Measure Vector Space
Why
If both signed measures are finite, then their difference is always well-defined. Is the difference a finite signed measure?
Preliminary result
Let $(X, \mathcal{A} )$ be a measurable space.

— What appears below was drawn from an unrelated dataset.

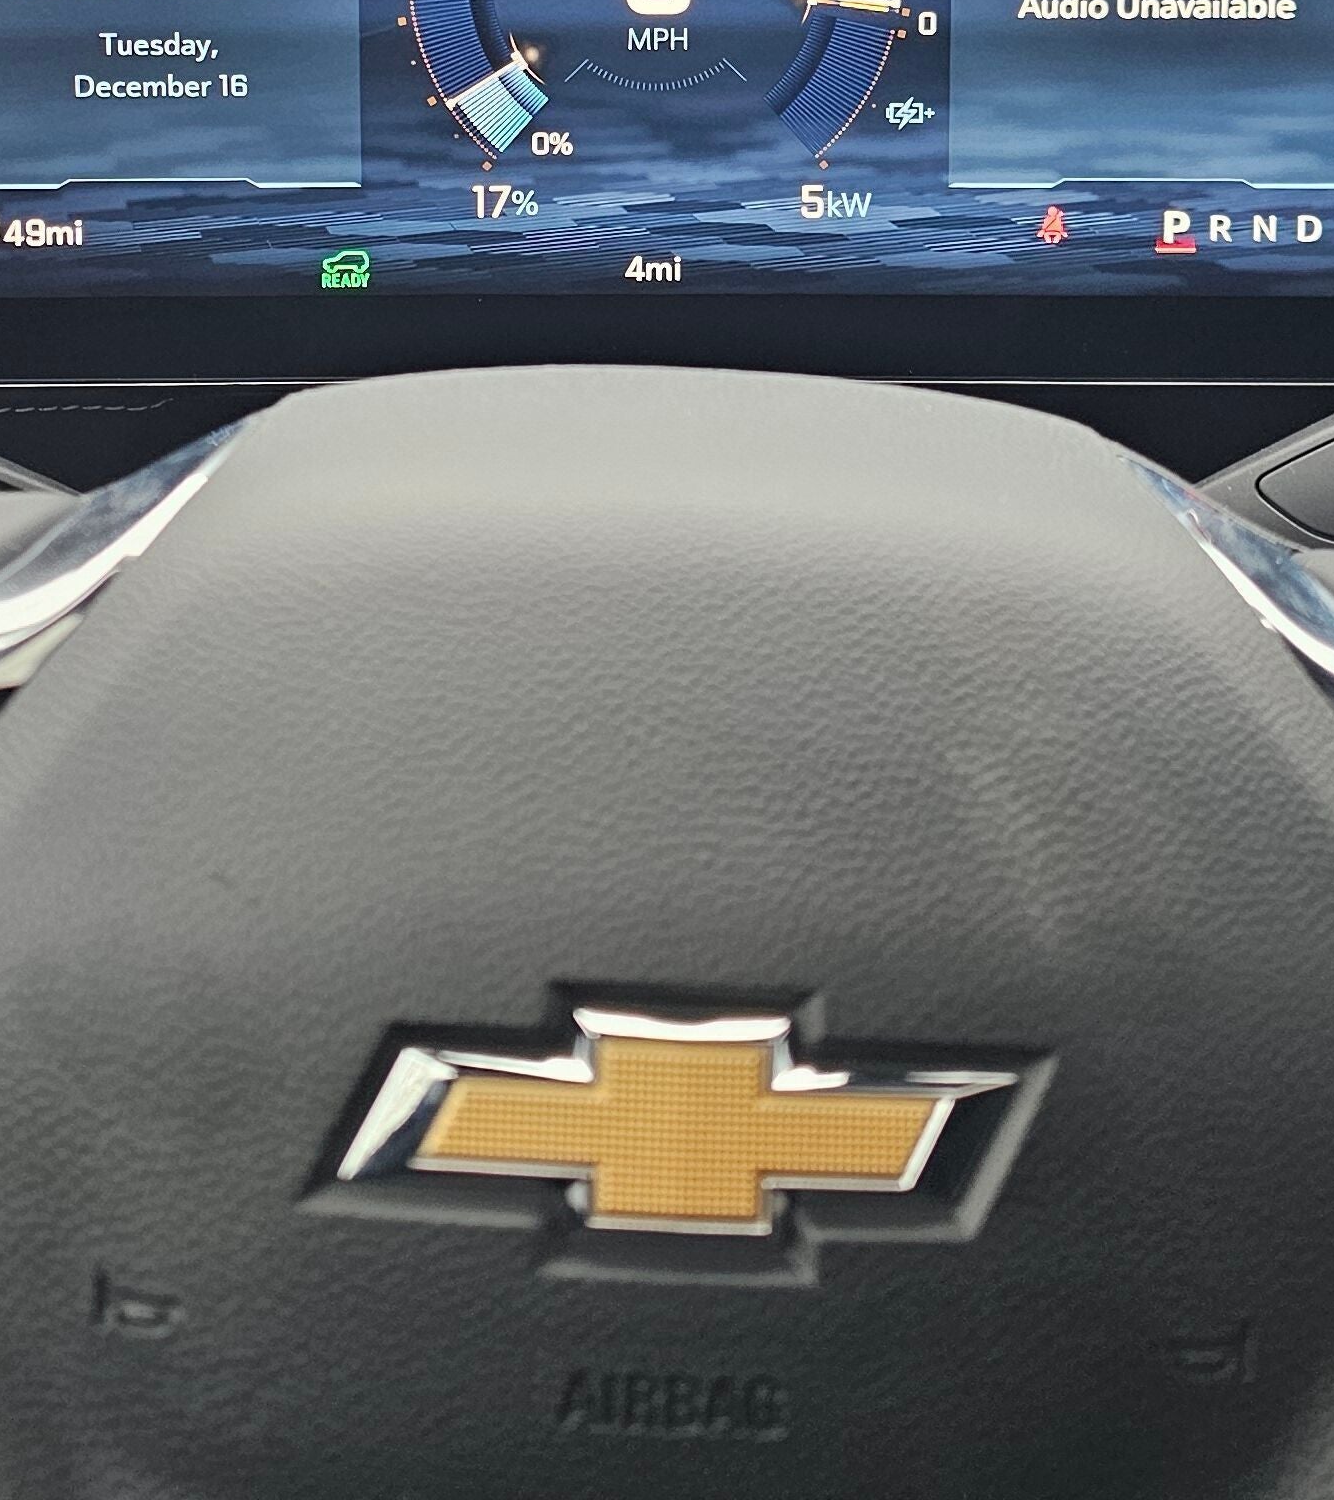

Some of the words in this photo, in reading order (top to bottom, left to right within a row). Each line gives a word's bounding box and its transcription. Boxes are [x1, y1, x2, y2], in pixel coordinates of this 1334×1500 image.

Let $\mu $ and $\nu $ be finite signed
measures.
Let $R$ denote the real numbers.
Then $(\alpha \mu )(\varnothing) = \alpha \cdot
\mu (\varnothing) = \alpha \cdot 0 = 0$.
Also for $\seq{A} \subset \mathcal{A} $
disjoint,
\[
\begin{aligned}
(\alpha \mu )(\cup A_n) &= \alpha \mu (\cup A_n) = \alpha
\sum_{n = 1}^{\infty} \mu (A_n) \\
&= \sum_{n = 1}^{\infty} \alpha \mu (A_n) = (\alpha \mu )(A_n)
\end{aligned}
\]
Similarly, $(\mu + \nu )(\varnothing) =
\mu (\varnothing) + \nu (\varnothing) = 0$.

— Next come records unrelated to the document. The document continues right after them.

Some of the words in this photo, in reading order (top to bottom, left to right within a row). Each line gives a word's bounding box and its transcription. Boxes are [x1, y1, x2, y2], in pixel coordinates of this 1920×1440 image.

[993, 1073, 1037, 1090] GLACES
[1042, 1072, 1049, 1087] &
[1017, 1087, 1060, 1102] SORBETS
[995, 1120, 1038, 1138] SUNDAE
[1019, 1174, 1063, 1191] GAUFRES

And, for $\seq{A} \subset \mathcal{A} $
disjoint,
\[
\begin{aligned}
(\mu + \nu )(\cup A_n) &= \mu (\cup A_n) + \nu (\cup A_n)
= \sum_{n = 1}^{\infty} \mu (A_n) +
\sum_{n = 1}^{\infty} \nu (A_n) \\
&= \sum_{n = 1}^{\infty} \mu (A_n) + \nu (A_n)
= \sum_{n = 1}^{\infty} (\mu + \nu )(A_n)
\end{aligned}
\]
Main result
Notation
We denote the vector space of signed measures on measurable space $(X, \mathcal{A} )$ by by $M(X, \mathcal{A} , \R )$.